Fission cross section of Am-241.

Burnup of Am-241 in the WIMS-D library with branching to Am-242g and Am-242m can not be represented accurately because the WIMS-D library allows a single capture product to be specified. The Am-242m nuclide is considered more important from the reactivity point of view, therefore its branch is treated explicitly. However, Am-242g is important due to the decay into Cm-242 which in turn decays into Pu-238. Am-242g production can only be dealt with by treating it as a fission product of Am-241 with a yield equal to the capture to fission ratio.
The fission channel in Am-241 has a threshold, therefore the capture to fission ratio is strongly spectrum dependent. The ratio may reach a value 124 for well thermalized lattices and may be as low as 42 for lattices with a high content of degraded plutonium. For a typical PWR lattice the ratio is about 92. To avoid spectrum dependence of the effective Am-242g production the shape of the fission cross section is forced to be proportional to the absorption cross section such that the capture to fission ratio of 92 is approximately conserved for an average lattice. This crude adjustment is tolerable because Am-241 is not very important from the reactivity point of view. A program, FIDLAM, to fiddle the Am-241 fission cross section was developed on the frame of WLUP.
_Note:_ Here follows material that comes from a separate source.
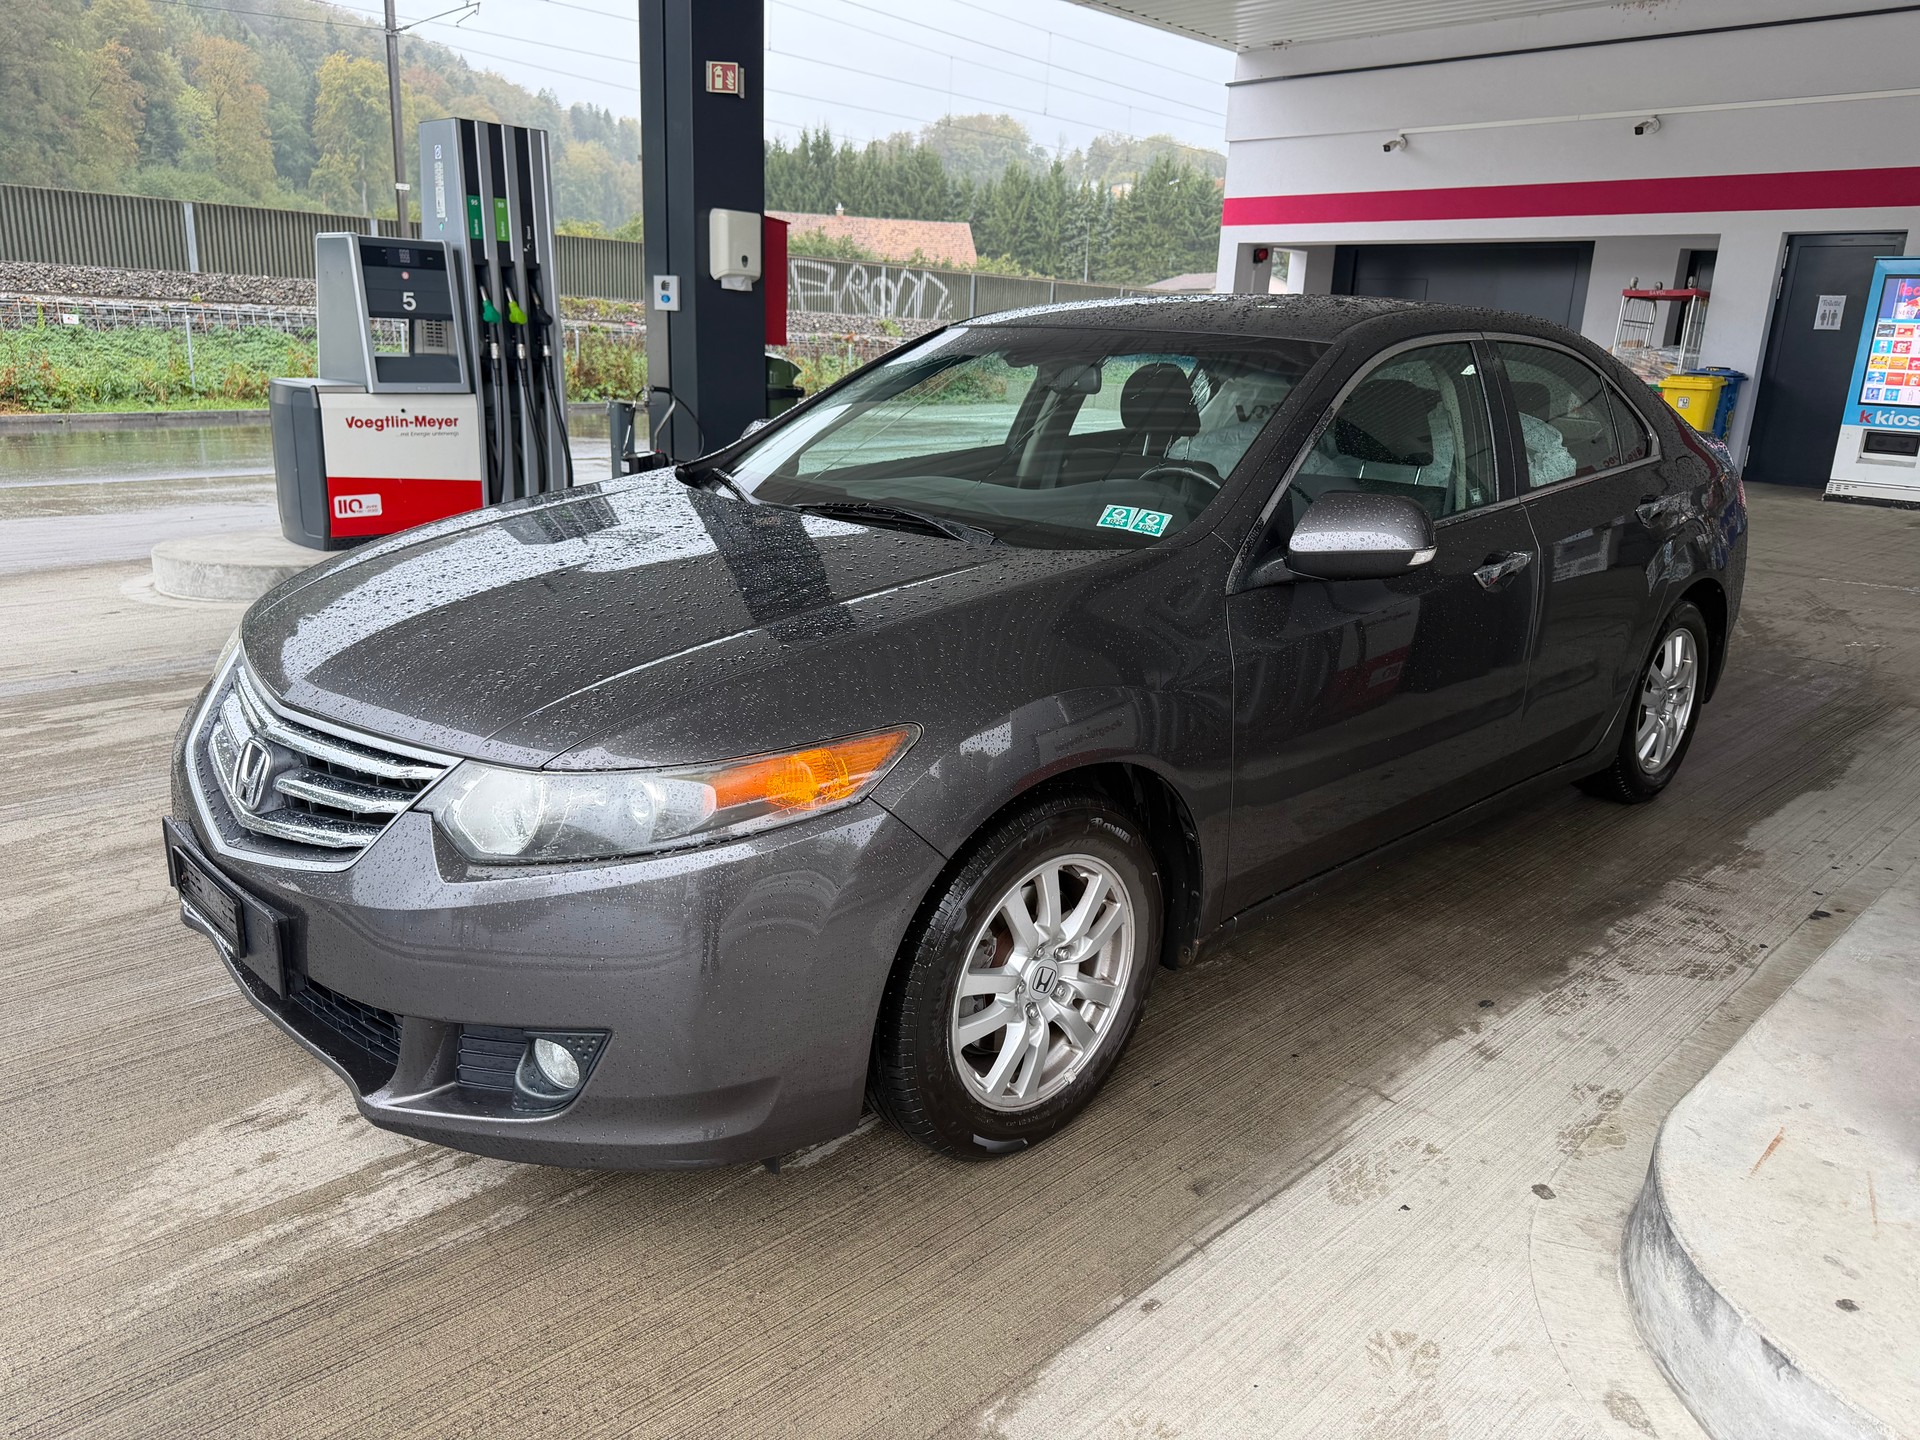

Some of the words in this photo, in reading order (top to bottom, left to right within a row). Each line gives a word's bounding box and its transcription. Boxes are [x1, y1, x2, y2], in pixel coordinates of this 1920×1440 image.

[402, 292, 417, 311] 5
[345, 415, 459, 432] Voegtlin-Meyer
[1875, 410, 1920, 427] kios
Pseudo fission product to simulate (n,2n) reaction for U-238, U-233 and Pa-231.

To model (n, 2n) production from U-238, U-233 and Pa-231 the approach used in the WIMKAL-88 library was applied. It basically consists in introducing a pseudo fission product with an effective fission yield that represent the (n,2n) to fission reaction rate ratio of the precursor nuclide and with null absorption cross section data. It decays with a constant of unity. That means that in normal burnup calculations this fission product goes immediately to the equilibrium concentration and appears as an effective (n, 2n) source in the corresponding burnup equation.

Processing methods for dosimetry materials

The dosimetry materials of the WIMS-D library are special materials from the formatting point of view. They are non-burnable, without resonance table and scattering data. The WIMSD formatted files for these materials contain the corresponding dosimetry reaction instead of absorption and transport cross sections.

These simplifying features allow the use of the PREPRO-2000 code system for the nuclear data processing. Besides, the code WIMSIE was developed in the frame of the project to perform the WIMS-D formatting and eventually to produce the special dosimetry files as the positive and negative 1/v materials, the resonant part of the 1/v absorber, the constant absorber and the inverse lethargy interval cross section.

The sequence MERGER-LINEAR-SIGMA1-GROUPIE-DICTION-WIMSIE was used for the evaluated nuclear data processing.MERGER was called to extract the needed dosimetry reaction and the general information section (MF=1/MT=451) from the source evaluated nuclear data files. LINEAR was used because some point-wise dosimetry files from the JENDL/D-99 library were not linearly interpolable over the resonance range. The reconstruction tolerance was set up to 0.1% in all cases. It is worthy to note that the use of RECENT was skipped because the resonance contribution (MF=2) was always included on the point-wise cross section data (MF=3) of the source evaluated file. SIGMA1 Doppler broadened the cross section at 300 K and GROUPIE performed the multi-group data processing into 69 and 172 energy group structures. The averaging spectrum applied for most the materials in the frame of the project was converted to linearly interpolable data and used for generating infinite diluted multi-group cross sections. Finally, the index on the general information section was updated by DICTION and the WIMS-D formatting was performed by WIMSIE.